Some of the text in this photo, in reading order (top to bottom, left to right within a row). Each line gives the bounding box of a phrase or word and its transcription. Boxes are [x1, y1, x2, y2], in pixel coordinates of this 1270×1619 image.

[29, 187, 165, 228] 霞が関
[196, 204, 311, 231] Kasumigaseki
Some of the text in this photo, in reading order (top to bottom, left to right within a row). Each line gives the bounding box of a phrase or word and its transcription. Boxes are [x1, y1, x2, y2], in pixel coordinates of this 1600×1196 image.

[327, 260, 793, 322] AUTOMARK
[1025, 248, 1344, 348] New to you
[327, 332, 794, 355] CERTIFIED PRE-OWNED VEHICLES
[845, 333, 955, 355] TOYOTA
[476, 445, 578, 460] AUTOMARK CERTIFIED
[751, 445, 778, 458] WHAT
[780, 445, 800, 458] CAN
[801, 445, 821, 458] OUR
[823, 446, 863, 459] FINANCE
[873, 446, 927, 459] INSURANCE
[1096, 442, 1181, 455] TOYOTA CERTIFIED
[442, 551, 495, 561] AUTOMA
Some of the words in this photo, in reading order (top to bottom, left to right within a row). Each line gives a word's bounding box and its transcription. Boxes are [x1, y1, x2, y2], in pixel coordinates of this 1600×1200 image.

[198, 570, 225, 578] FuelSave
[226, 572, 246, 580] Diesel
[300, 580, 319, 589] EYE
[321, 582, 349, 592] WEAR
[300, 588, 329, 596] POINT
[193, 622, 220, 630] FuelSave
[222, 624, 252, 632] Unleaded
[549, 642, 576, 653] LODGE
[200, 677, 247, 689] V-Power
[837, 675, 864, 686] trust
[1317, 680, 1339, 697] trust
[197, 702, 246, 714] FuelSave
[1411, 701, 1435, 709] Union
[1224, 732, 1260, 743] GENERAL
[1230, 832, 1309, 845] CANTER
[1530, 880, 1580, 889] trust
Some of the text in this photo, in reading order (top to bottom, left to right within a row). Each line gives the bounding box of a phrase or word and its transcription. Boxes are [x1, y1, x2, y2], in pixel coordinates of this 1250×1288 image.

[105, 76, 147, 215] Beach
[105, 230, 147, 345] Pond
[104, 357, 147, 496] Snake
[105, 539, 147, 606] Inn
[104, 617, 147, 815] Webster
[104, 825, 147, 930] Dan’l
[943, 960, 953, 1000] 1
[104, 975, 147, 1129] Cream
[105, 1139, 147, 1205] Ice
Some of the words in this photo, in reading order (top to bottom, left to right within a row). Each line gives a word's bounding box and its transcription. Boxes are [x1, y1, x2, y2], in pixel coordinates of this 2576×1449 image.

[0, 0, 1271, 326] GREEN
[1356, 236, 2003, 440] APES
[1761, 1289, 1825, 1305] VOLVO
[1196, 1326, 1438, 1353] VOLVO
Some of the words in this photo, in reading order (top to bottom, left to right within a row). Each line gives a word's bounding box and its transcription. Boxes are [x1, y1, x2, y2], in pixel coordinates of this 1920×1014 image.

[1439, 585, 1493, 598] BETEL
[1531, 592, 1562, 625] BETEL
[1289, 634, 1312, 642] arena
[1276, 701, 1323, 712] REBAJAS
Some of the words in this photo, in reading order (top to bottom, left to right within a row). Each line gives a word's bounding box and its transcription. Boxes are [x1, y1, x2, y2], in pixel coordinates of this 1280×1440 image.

WORK INSTRUCTIONS:
What you return must match the records above exactly, line for line.

ANSWER SECTION:
Some of the text in this photo, in reading order (top to bottom, left to right within a row). Each line gives the bounding box of a phrase or word and its transcription. Boxes are [x1, y1, x2, y2], in pixel coordinates of this 1270×1619 image.

[29, 187, 165, 228] 霞が関
[196, 204, 311, 231] Kasumigaseki
Some of the text in this photo, in reading order (top to bottom, left to right within a row). Each line gives the bounding box of a phrase or word and its transcription. Boxes are [x1, y1, x2, y2], in pixel coordinates of this 1600×1196 image.

[327, 260, 793, 322] AUTOMARK
[1025, 248, 1344, 348] New to you
[327, 332, 794, 355] CERTIFIED PRE-OWNED VEHICLES
[845, 333, 955, 355] TOYOTA
[476, 445, 578, 460] AUTOMARK CERTIFIED
[751, 445, 778, 458] WHAT
[780, 445, 800, 458] CAN
[801, 445, 821, 458] OUR
[823, 446, 863, 459] FINANCE
[873, 446, 927, 459] INSURANCE
[1096, 442, 1181, 455] TOYOTA CERTIFIED
[442, 551, 495, 561] AUTOMA
Some of the words in this photo, in reading order (top to bottom, left to right within a row). Each line gives a word's bounding box and its transcription. Boxes are [x1, y1, x2, y2], in pixel coordinates of this 1600×1200 image.

[198, 570, 225, 578] FuelSave
[226, 572, 246, 580] Diesel
[300, 580, 319, 589] EYE
[321, 582, 349, 592] WEAR
[300, 588, 329, 596] POINT
[193, 622, 220, 630] FuelSave
[222, 624, 252, 632] Unleaded
[549, 642, 576, 653] LODGE
[200, 677, 247, 689] V-Power
[837, 675, 864, 686] trust
[1317, 680, 1339, 697] trust
[197, 702, 246, 714] FuelSave
[1411, 701, 1435, 709] Union
[1224, 732, 1260, 743] GENERAL
[1230, 832, 1309, 845] CANTER
[1530, 880, 1580, 889] trust
Some of the text in this photo, in reading order (top to bottom, left to right within a row). Each line gives the bounding box of a phrase or word and its transcription. Boxes are [x1, y1, x2, y2], in pixel coordinates of this 1250×1288 image.

[105, 76, 147, 215] Beach
[105, 230, 147, 345] Pond
[104, 357, 147, 496] Snake
[105, 539, 147, 606] Inn
[104, 617, 147, 815] Webster
[104, 825, 147, 930] Dan’l
[943, 960, 953, 1000] 1
[104, 975, 147, 1129] Cream
[105, 1139, 147, 1205] Ice
Some of the words in this photo, in reading order (top to bottom, left to right within a row). Each line gives a word's bounding box and its transcription. Boxes are [x1, y1, x2, y2], in pixel coordinates of this 2576×1449 image.

[0, 0, 1271, 326] GREEN
[1356, 236, 2003, 440] APES
[1761, 1289, 1825, 1305] VOLVO
[1196, 1326, 1438, 1353] VOLVO
Some of the words in this photo, in reading order (top to bottom, left to right within a row). Each line gives a word's bounding box and its transcription. Boxes are [x1, y1, x2, y2], in pixel coordinates of this 1920×1014 image.

[1439, 585, 1493, 598] BETEL
[1531, 592, 1562, 625] BETEL
[1289, 634, 1312, 642] arena
[1276, 701, 1323, 712] REBAJAS
Some of the words in this photo, in reading order (top to bottom, left to right within a row). Each line gives a word's bounding box and its transcription. Boxes are [x1, y1, x2, y2], in pixel coordinates of this 1280×1440 image.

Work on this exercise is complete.